▶ [What you will do]:
From the first line to the last, restate the records word for word, skipping the pictures.

▶ [Data for this task]:
——

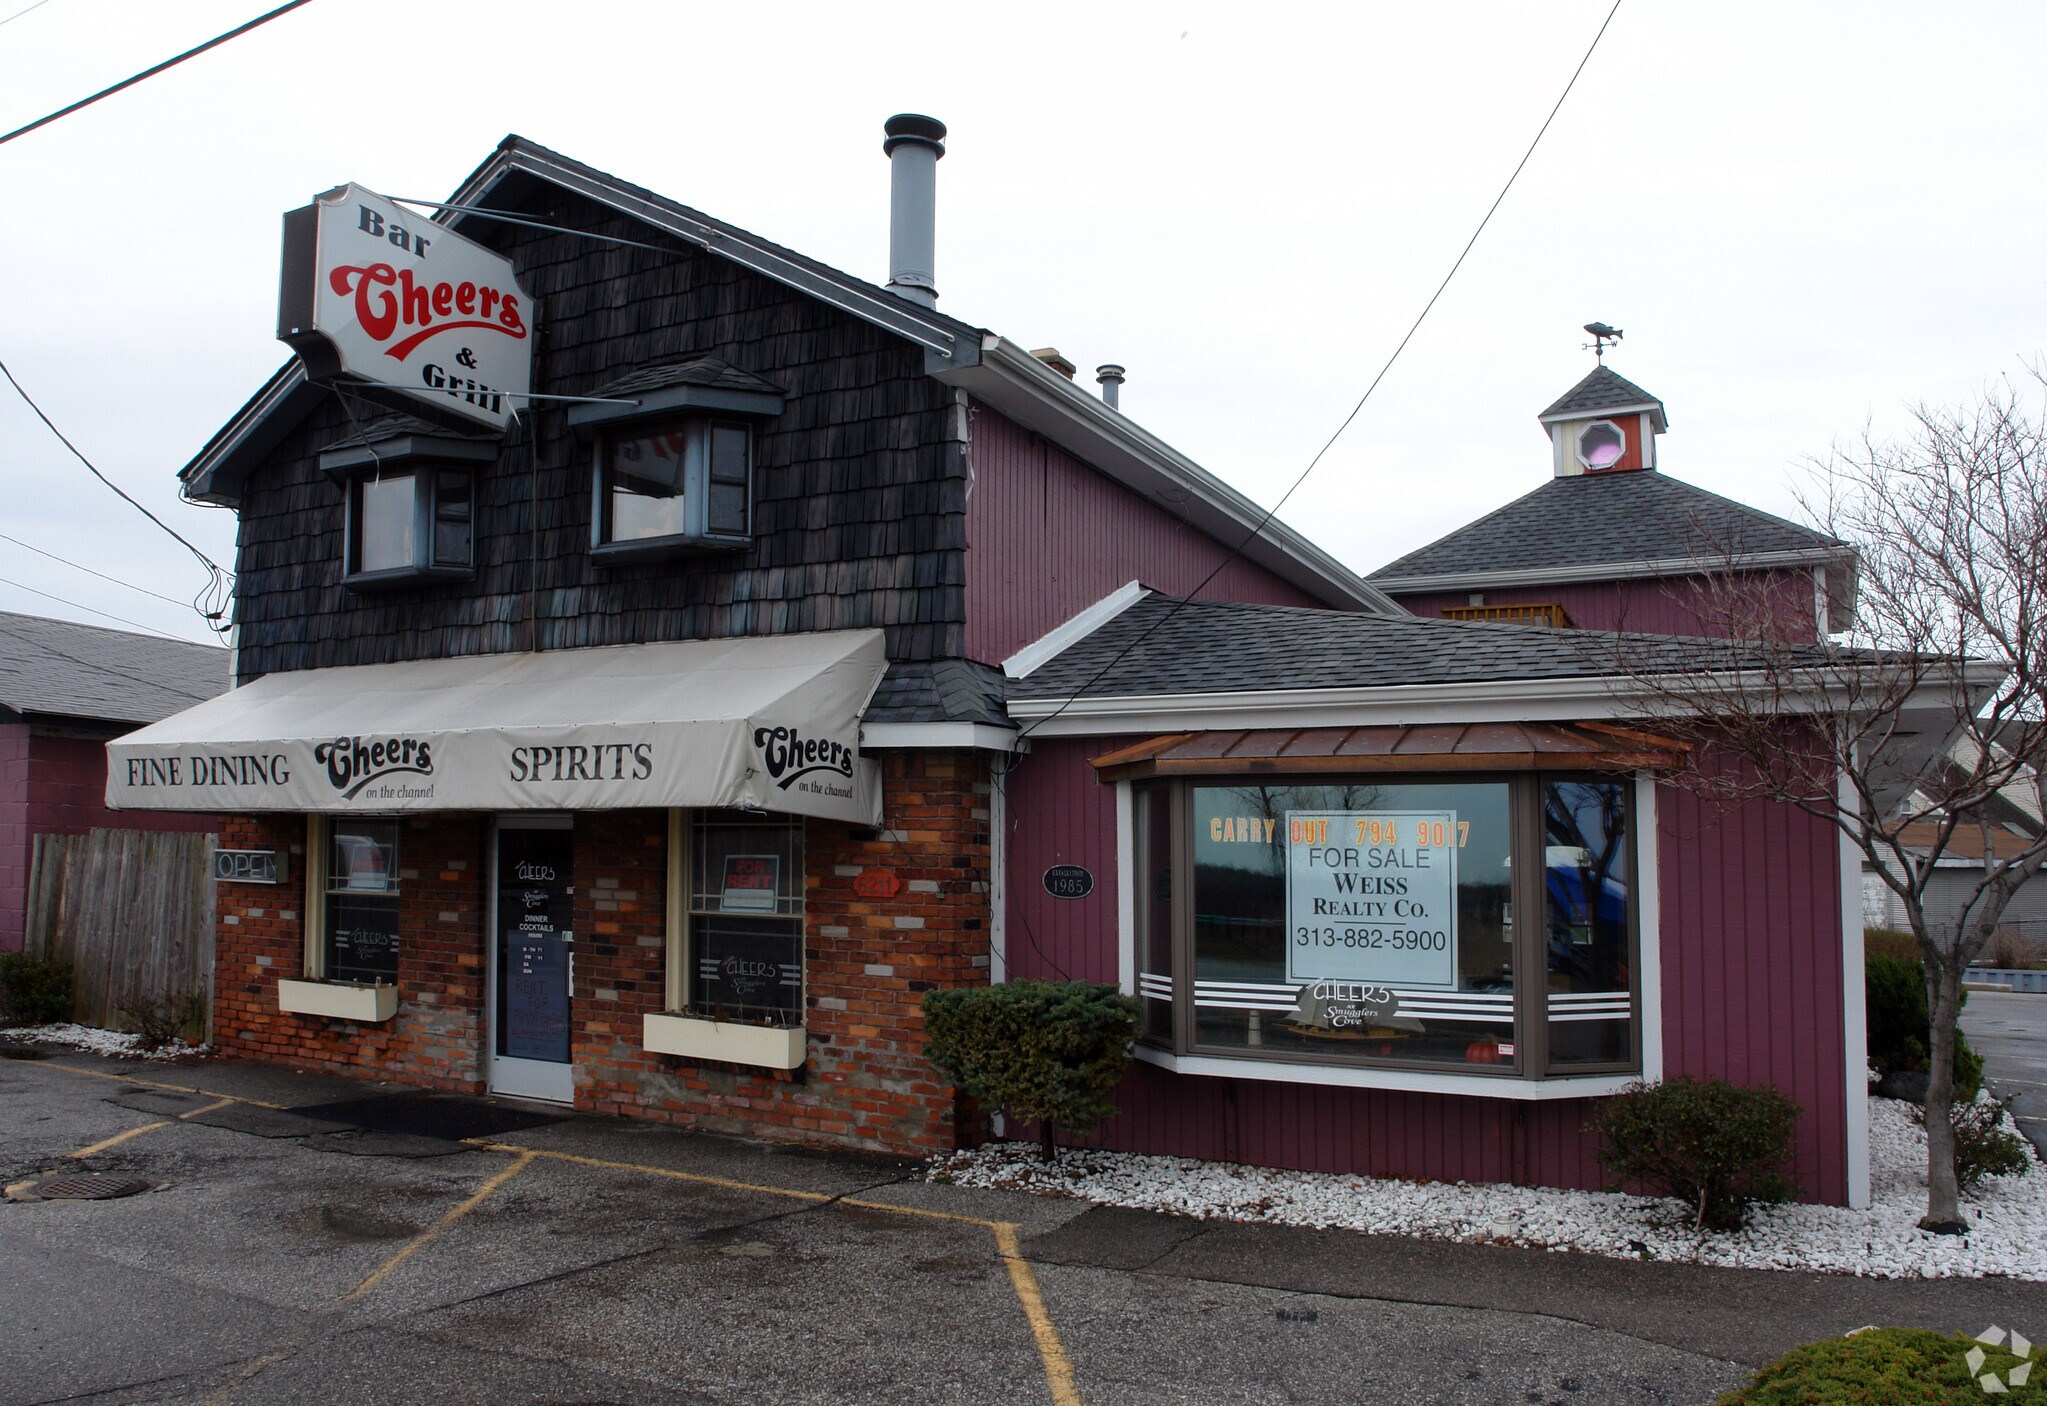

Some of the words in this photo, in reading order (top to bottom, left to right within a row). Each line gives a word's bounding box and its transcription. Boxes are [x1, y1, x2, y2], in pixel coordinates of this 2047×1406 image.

[358, 204, 431, 259] Bar
[329, 263, 526, 341] Cheers
[455, 347, 477, 369] &
[422, 363, 501, 414] Grill
[314, 736, 433, 790] Cheers
[510, 743, 652, 782] SPIRITS
[754, 726, 853, 779] Cheers
[126, 757, 183, 787] FINE
[191, 754, 290, 786] DINING
[366, 789, 377, 799] on
[380, 784, 395, 799] the
[397, 784, 434, 799] channel
[799, 782, 809, 792] on
[811, 780, 823, 794] the
[824, 782, 853, 799] channel
[1210, 817, 1275, 844] CARRY
[1291, 819, 1328, 845] OUT
[1356, 820, 1396, 845] 794
[1417, 821, 1470, 848] 9017
[219, 853, 276, 878] OPEN
[735, 859, 764, 873] FOR
[1309, 848, 1360, 868] FOR
[1368, 849, 1430, 869] SALE
[726, 874, 772, 889] RENT
[1054, 879, 1084, 893] 1985
[1332, 872, 1408, 895] WEISS
[1313, 897, 1387, 917] REALTY
[1394, 900, 1429, 918] CO.
[519, 923, 554, 932] COCKTAILS
[1296, 926, 1446, 951] 313-882-5900
[726, 957, 776, 978] CHEERS
[1313, 979, 1390, 1004] CHEERS
[1323, 1006, 1379, 1019] Smugglers
[1332, 1015, 1362, 1027] Cove

——

▶ [Completed task]:
Some of the words in this photo, in reading order (top to bottom, left to right within a row). Each line gives a word's bounding box and its transcription. Boxes are [x1, y1, x2, y2], in pixel coordinates of this 2047×1406 image.

[358, 204, 431, 259] Bar
[329, 263, 526, 341] Cheers
[455, 347, 477, 369] &
[422, 363, 501, 414] Grill
[314, 736, 433, 790] Cheers
[510, 743, 652, 782] SPIRITS
[754, 726, 853, 779] Cheers
[126, 757, 183, 787] FINE
[191, 754, 290, 786] DINING
[366, 789, 377, 799] on
[380, 784, 395, 799] the
[397, 784, 434, 799] channel
[799, 782, 809, 792] on
[811, 780, 823, 794] the
[824, 782, 853, 799] channel
[1210, 817, 1275, 844] CARRY
[1291, 819, 1328, 845] OUT
[1356, 820, 1396, 845] 794
[1417, 821, 1470, 848] 9017
[219, 853, 276, 878] OPEN
[735, 859, 764, 873] FOR
[1309, 848, 1360, 868] FOR
[1368, 849, 1430, 869] SALE
[726, 874, 772, 889] RENT
[1054, 879, 1084, 893] 1985
[1332, 872, 1408, 895] WEISS
[1313, 897, 1387, 917] REALTY
[1394, 900, 1429, 918] CO.
[519, 923, 554, 932] COCKTAILS
[1296, 926, 1446, 951] 313-882-5900
[726, 957, 776, 978] CHEERS
[1313, 979, 1390, 1004] CHEERS
[1323, 1006, 1379, 1019] Smugglers
[1332, 1015, 1362, 1027] Cove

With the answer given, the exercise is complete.